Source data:
=====
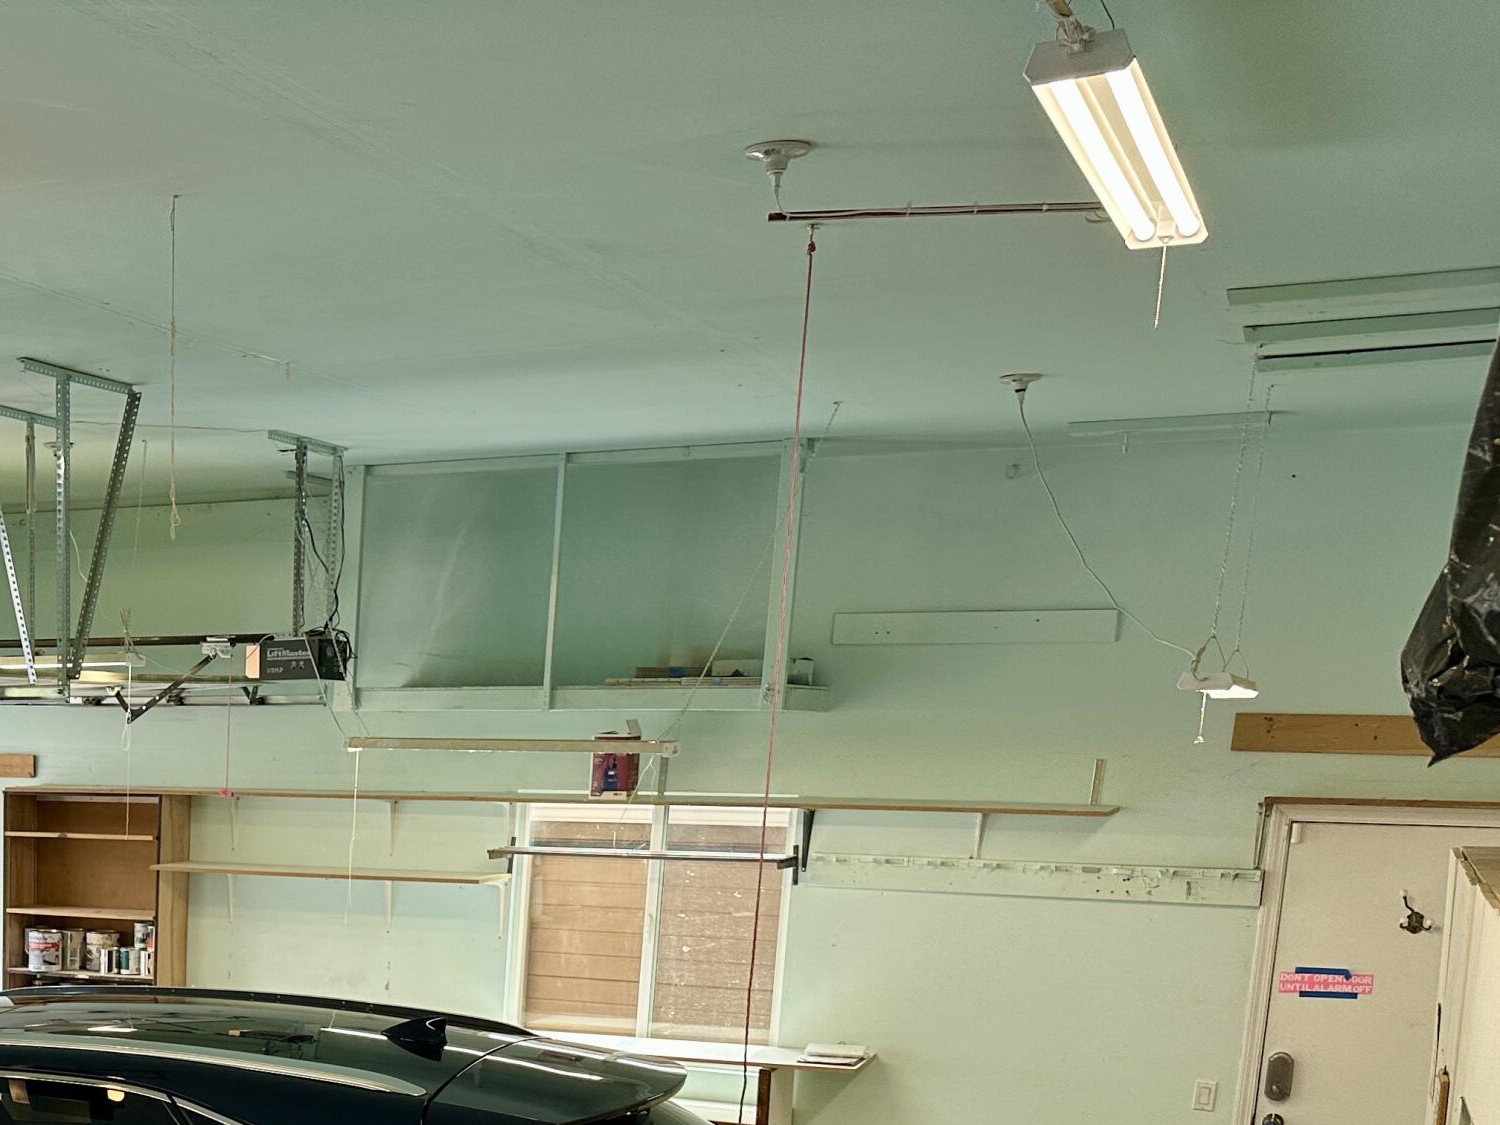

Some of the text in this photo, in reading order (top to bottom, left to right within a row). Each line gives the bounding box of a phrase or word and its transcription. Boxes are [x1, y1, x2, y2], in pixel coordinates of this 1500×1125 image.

[1313, 974, 1344, 983] OPEN
[1280, 982, 1373, 993] UNTIL ALARM OFF
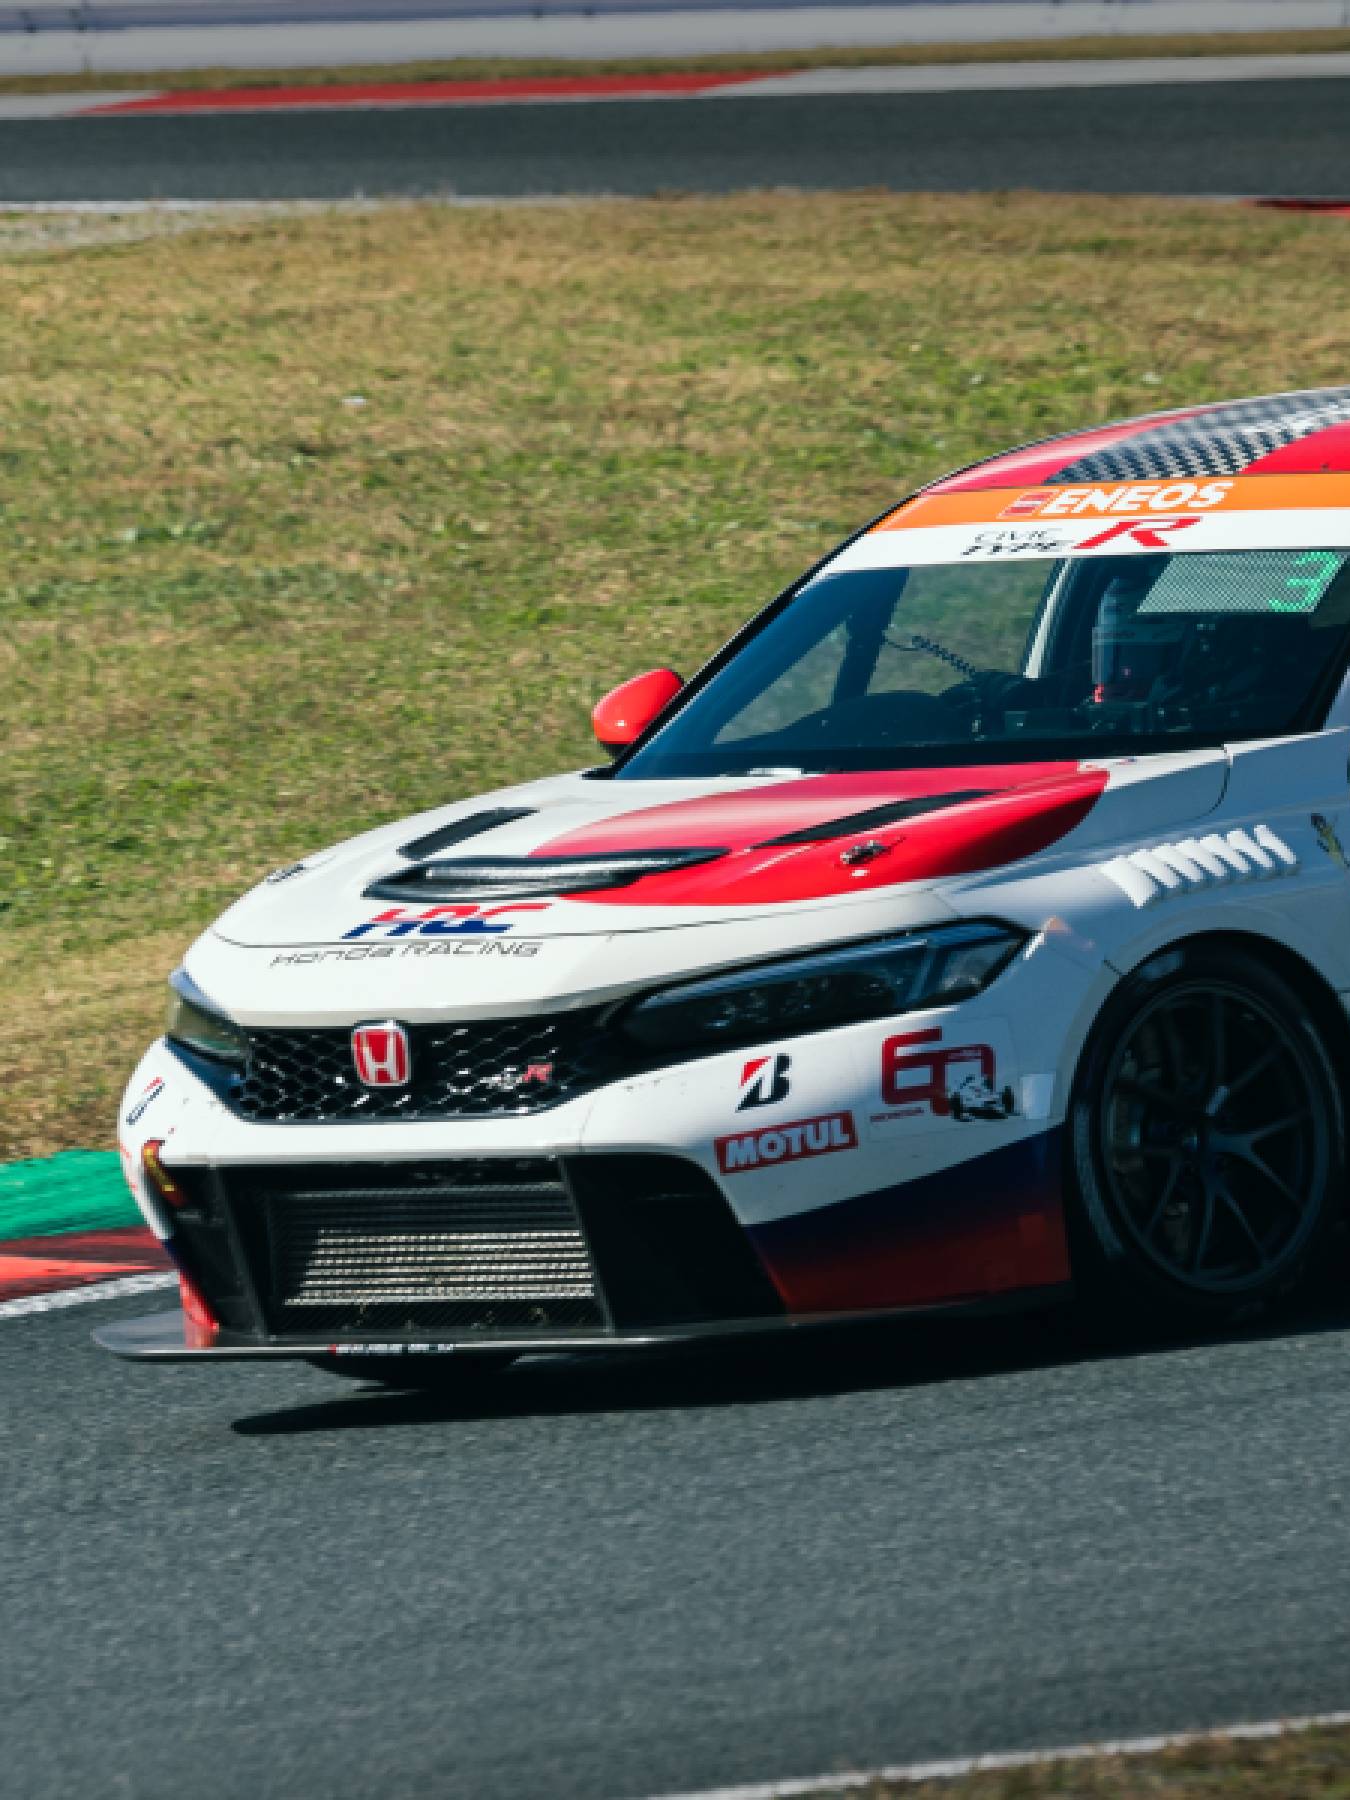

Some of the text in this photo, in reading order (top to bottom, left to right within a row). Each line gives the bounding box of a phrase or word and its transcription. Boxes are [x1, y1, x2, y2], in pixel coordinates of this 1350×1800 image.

[1042, 482, 1232, 514] ENEOS
[974, 528, 1064, 543] CIVIC
[1074, 517, 1202, 549] R
[1268, 551, 1340, 613] 3
[341, 903, 553, 939] HRC
[726, 1118, 850, 1167] MOTUL
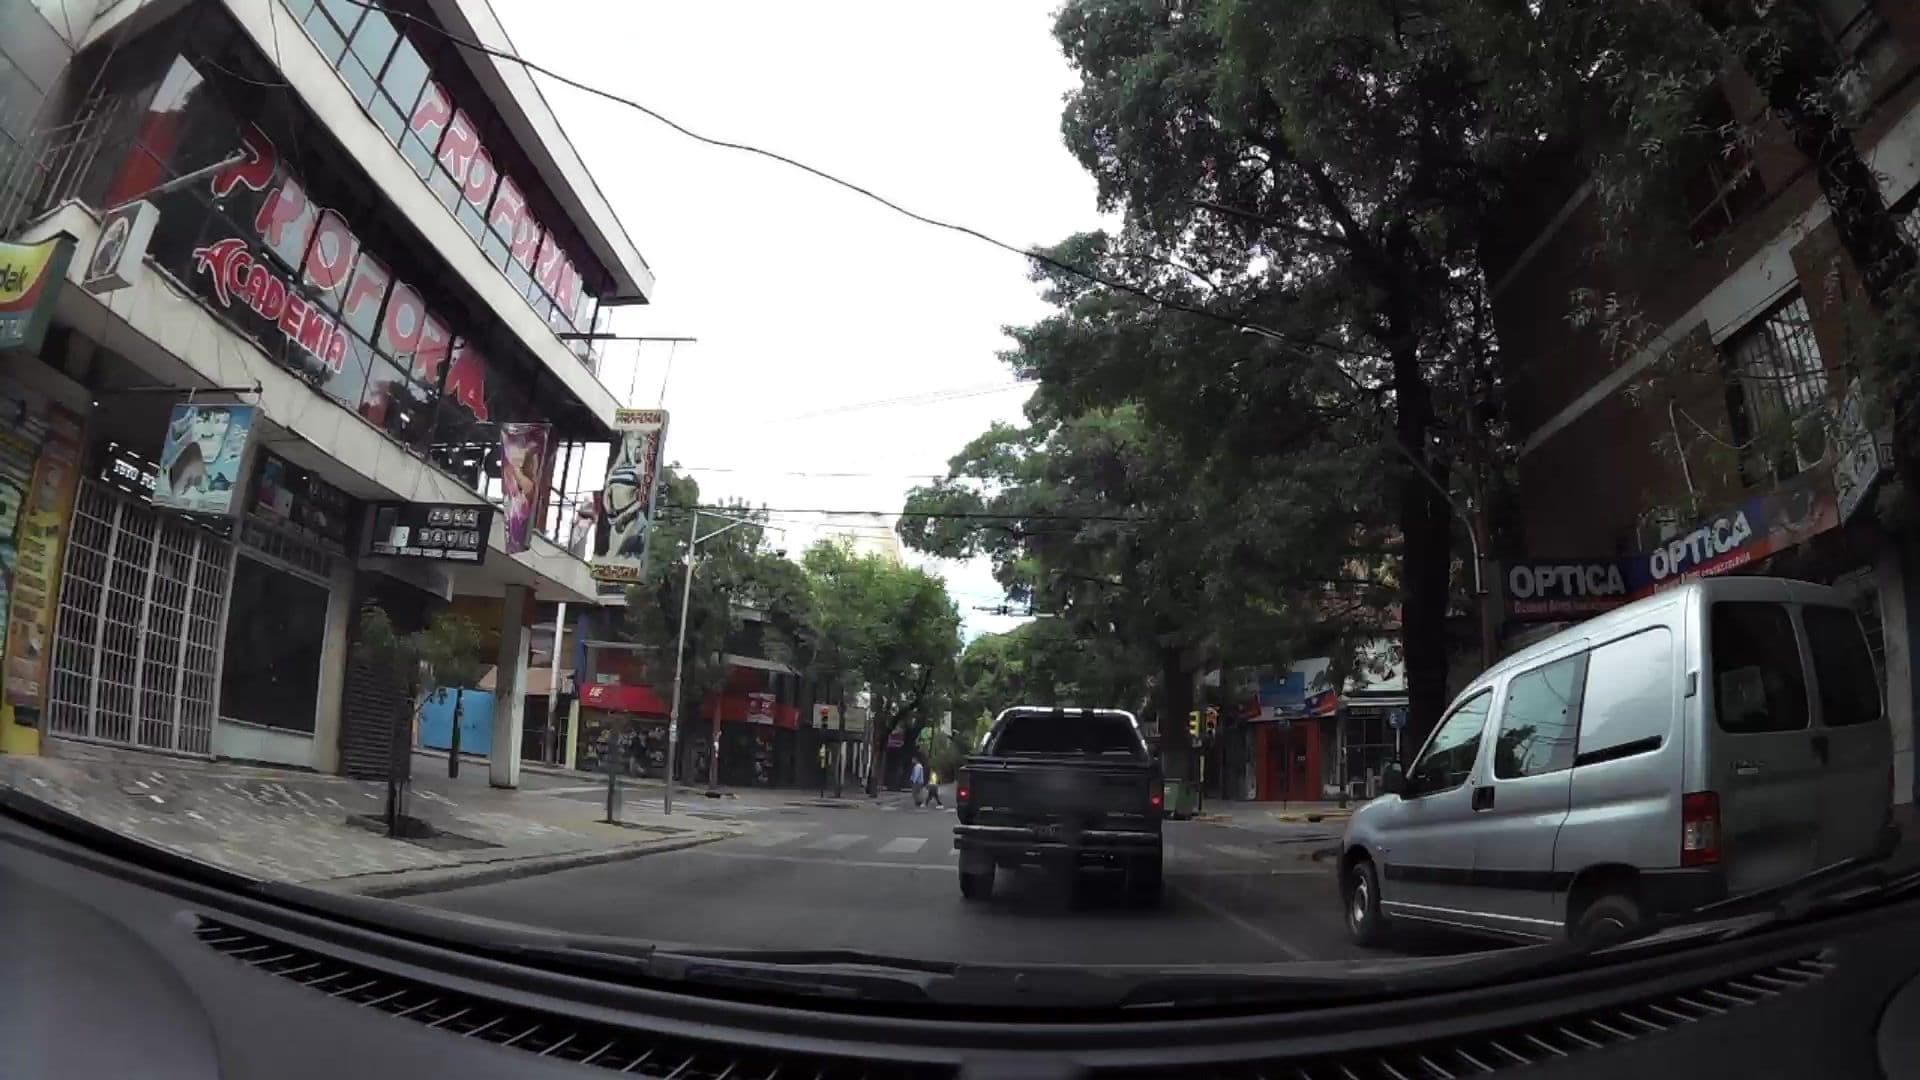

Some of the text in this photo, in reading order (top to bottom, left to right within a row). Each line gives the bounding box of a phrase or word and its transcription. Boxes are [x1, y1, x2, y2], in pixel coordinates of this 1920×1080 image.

[195, 238, 348, 374] ACADEMIA
[1651, 511, 1752, 580] OPTICA
[1509, 564, 1626, 598] OPTICA
=====
▶ [Exercise goal]: Every record must be returned exactly. Leave its pictures out.

▶ [Task answer]:
Some of the text in this photo, in reading order (top to bottom, left to right within a row). Each line gives the bounding box of a phrase or word and its transcription. Boxes are [x1, y1, x2, y2], in pixel coordinates of this 1500×1125 image.

[1313, 974, 1344, 983] OPEN
[1280, 982, 1373, 993] UNTIL ALARM OFF

Some of the text in this photo, in reading order (top to bottom, left to right within a row). Each line gives the bounding box of a phrase or word and its transcription. Boxes are [x1, y1, x2, y2], in pixel coordinates of this 1350×1800 image.

[1042, 482, 1232, 514] ENEOS
[974, 528, 1064, 543] CIVIC
[1074, 517, 1202, 549] R
[1268, 551, 1340, 613] 3
[341, 903, 553, 939] HRC
[726, 1118, 850, 1167] MOTUL

Some of the text in this photo, in reading order (top to bottom, left to right within a row). Each line gives the bounding box of a phrase or word and its transcription. Boxes are [x1, y1, x2, y2], in pixel coordinates of this 1920×1080 image.

[195, 238, 348, 374] ACADEMIA
[1651, 511, 1752, 580] OPTICA
[1509, 564, 1626, 598] OPTICA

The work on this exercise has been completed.